Authors: Mo Hayder
Caffery scrolled through the report for the name of the driver. Kwanele Dlamini. He half closed his eyes and read it again, a little smile at the edges of his mouth. Dlamini. It sounded the way he imagined a Zulu chieftain to sound. African.
So, then – he pushed his chair back and got his jacket – it seemed there was a little visiting to do. Just a little visiting.
27
Thom wanted to write Flea a note so she didn't forget he was going to borrow her car. He needed to be reminded of appointments like this, and it made him think she would too, so he insisted on sitting at the table and putting it on a Post-it in his laborious handwriting. Flea stood at the sink, her arms crossed, studying his faintly bruised-looking eyes, the dark lashes lying diagonally across the pale skin, the way he crabbed himself over the paper to write. His colour had come back, but somehow she knew it would never return properly. If someone had asked her when she'd last seen her brother, she'd have answered truthfully: on the day of the accident two years ago.

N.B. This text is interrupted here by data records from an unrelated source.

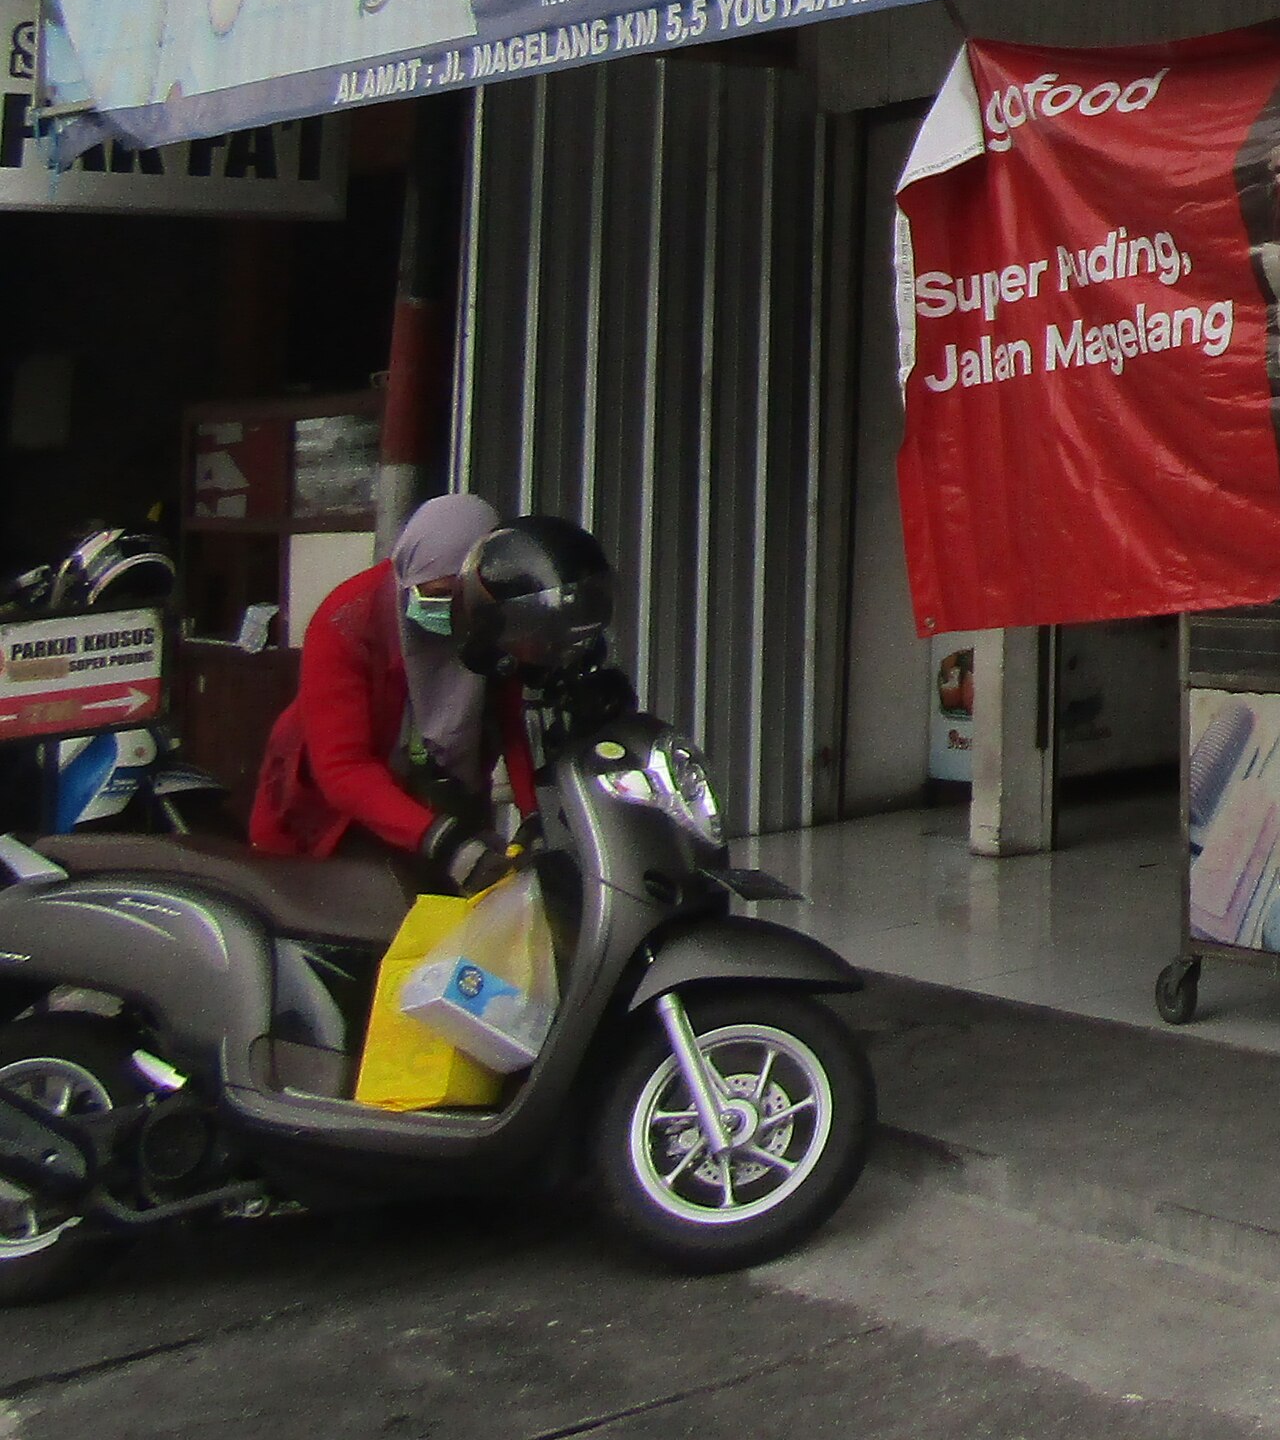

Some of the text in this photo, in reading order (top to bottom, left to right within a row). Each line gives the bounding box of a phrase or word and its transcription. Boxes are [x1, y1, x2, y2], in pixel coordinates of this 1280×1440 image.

[333, 58, 422, 105] ALAMAT
[471, 18, 609, 79] MAGELANG
[615, 8, 659, 51] KM
[985, 67, 1171, 152] gofood
[914, 259, 1049, 321] Super
[923, 299, 1235, 393] Jalan Magelang
[10, 627, 155, 661] PARKIR KHUSUS
[68, 650, 154, 672] SUPER PUDING

It wasn't that she hadn't seen him physically since; in fact, she hadn't left his side, not through all the hospitalization in Danielskuil when they'd told her he might die, or during the dreadful journey home via Cape Town with the air hostess who wouldn't give her a paracetamol for him because the airline was afraid of being sued, or during the eight weeks of the investigation into their parents' death. She'd seen the physical Thom, his body, the shell he was in, but her brother was gone. You could look into his eyes and see nothing. So she would say that the last time she had seen him was that day at Boesmansgat when he emerged from the sinkhole crying and vomiting, thrashing his arms in the water.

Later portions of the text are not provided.